[Your goal]
Please restate each entry word for word and leave the pictures out.

[Material for this exercise]
[Start of Attachment]

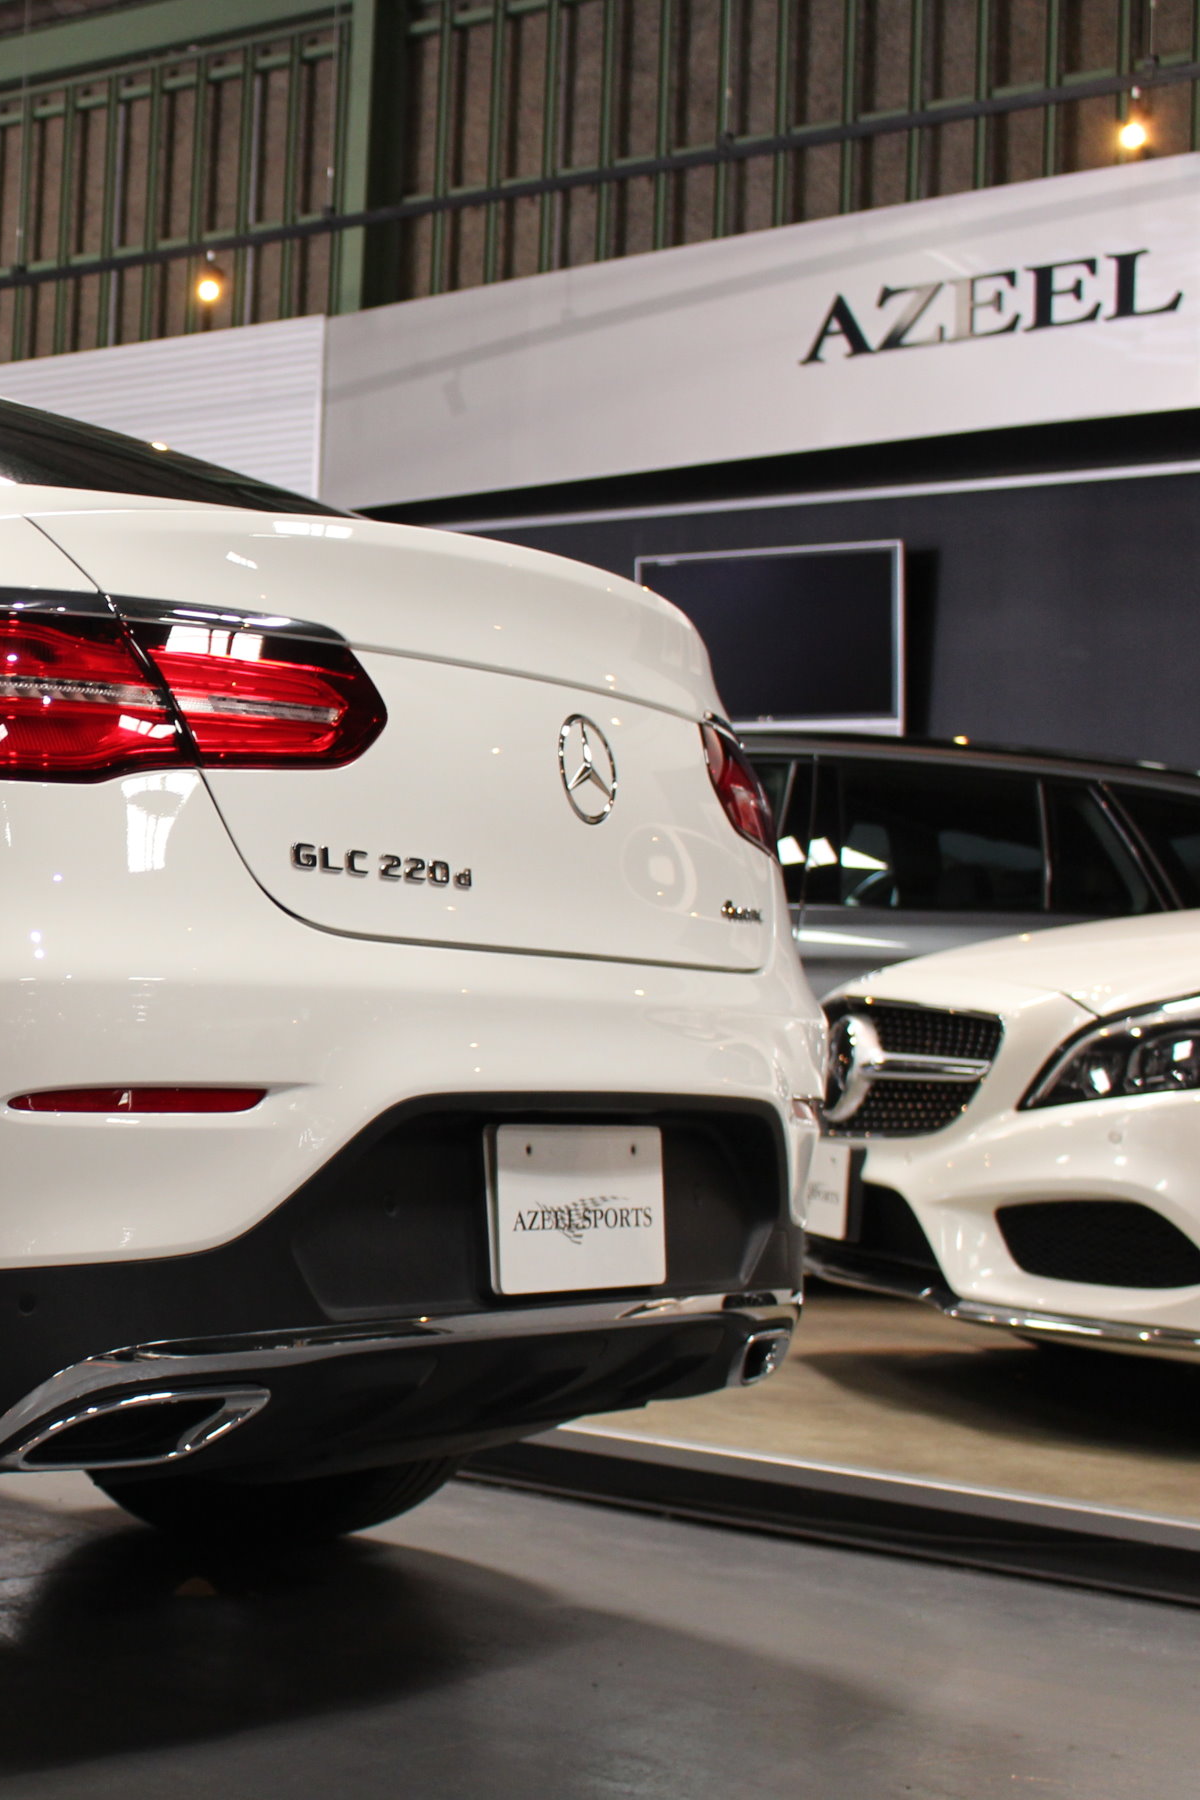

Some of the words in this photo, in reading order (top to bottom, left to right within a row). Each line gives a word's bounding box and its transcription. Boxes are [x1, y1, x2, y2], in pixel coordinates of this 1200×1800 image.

[798, 248, 1183, 366] AZEEL
[291, 842, 369, 877] GLC
[581, 1206, 653, 1230] SPORTS
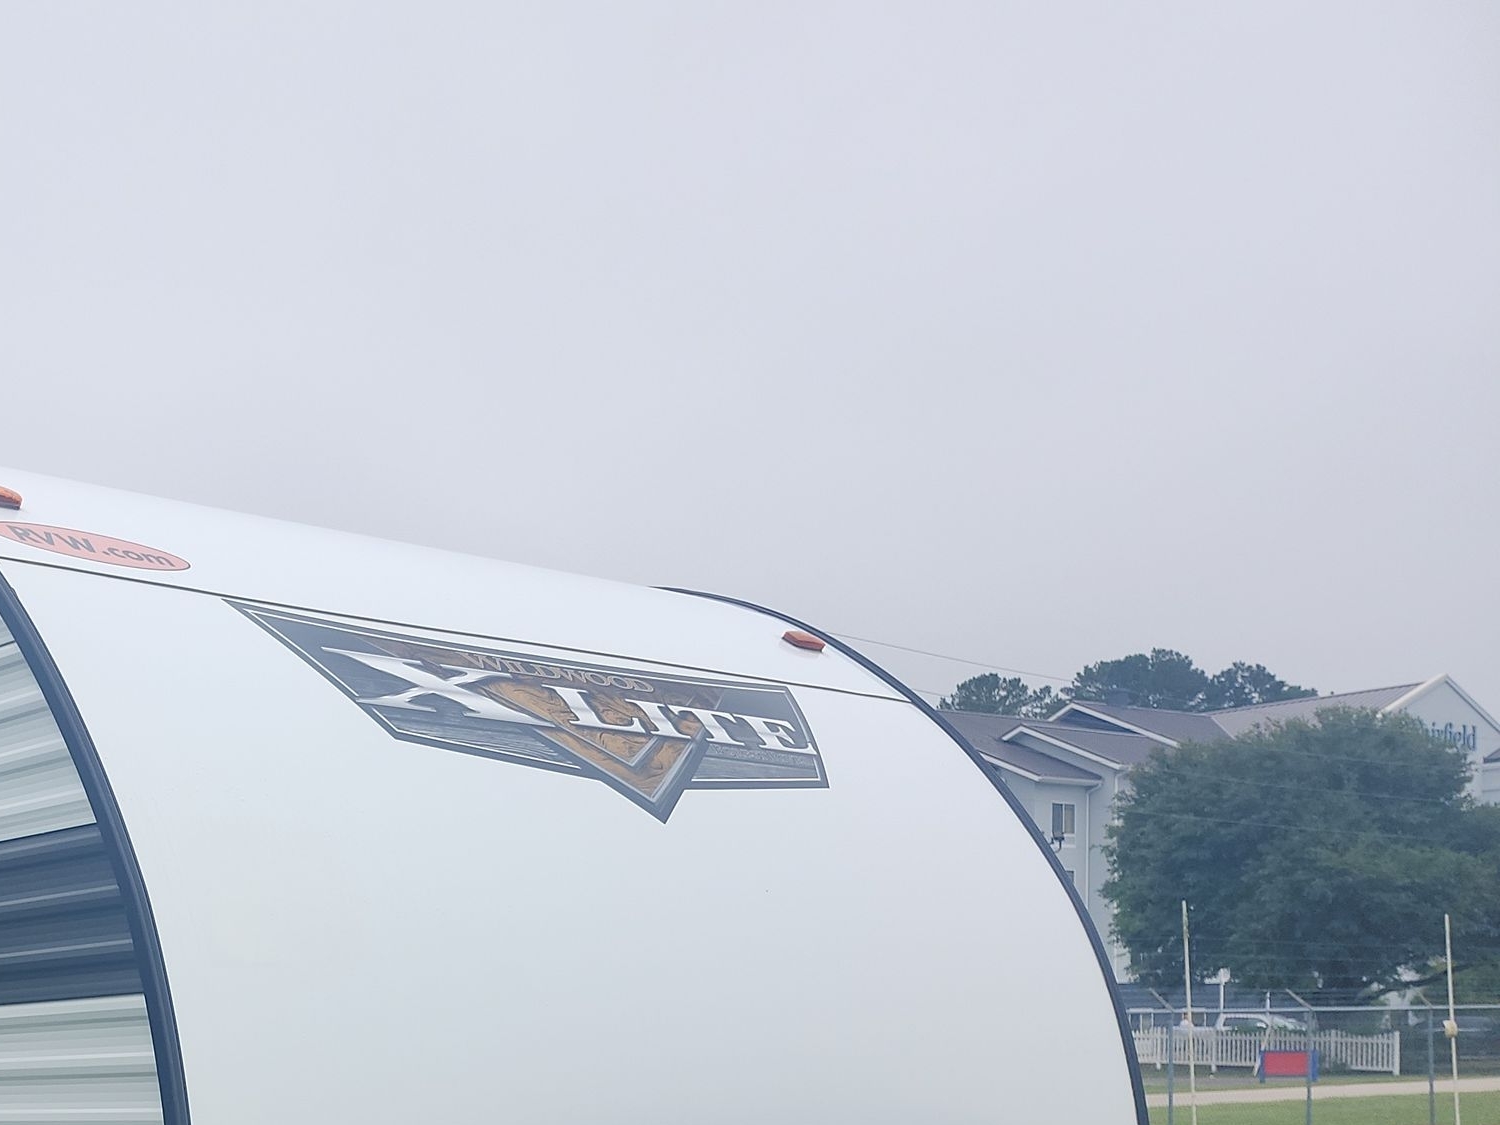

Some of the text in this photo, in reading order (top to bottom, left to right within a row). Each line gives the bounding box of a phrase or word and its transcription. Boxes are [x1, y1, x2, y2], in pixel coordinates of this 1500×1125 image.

[7, 525, 176, 568] RVW.com
[458, 652, 654, 692] WILDWOOD
[320, 646, 818, 756] X LITE

[End of Attachment]

[Solution for this task]
Some of the words in this photo, in reading order (top to bottom, left to right within a row). Each line gives a word's bounding box and its transcription. Boxes are [x1, y1, x2, y2], in pixel coordinates of this 1200×1800 image.

[798, 248, 1183, 366] AZEEL
[291, 842, 369, 877] GLC
[581, 1206, 653, 1230] SPORTS

Some of the text in this photo, in reading order (top to bottom, left to right within a row). Each line gives the bounding box of a phrase or word and its transcription. Boxes are [x1, y1, x2, y2], in pixel coordinates of this 1500×1125 image.

[7, 525, 176, 568] RVW.com
[458, 652, 654, 692] WILDWOOD
[320, 646, 818, 756] X LITE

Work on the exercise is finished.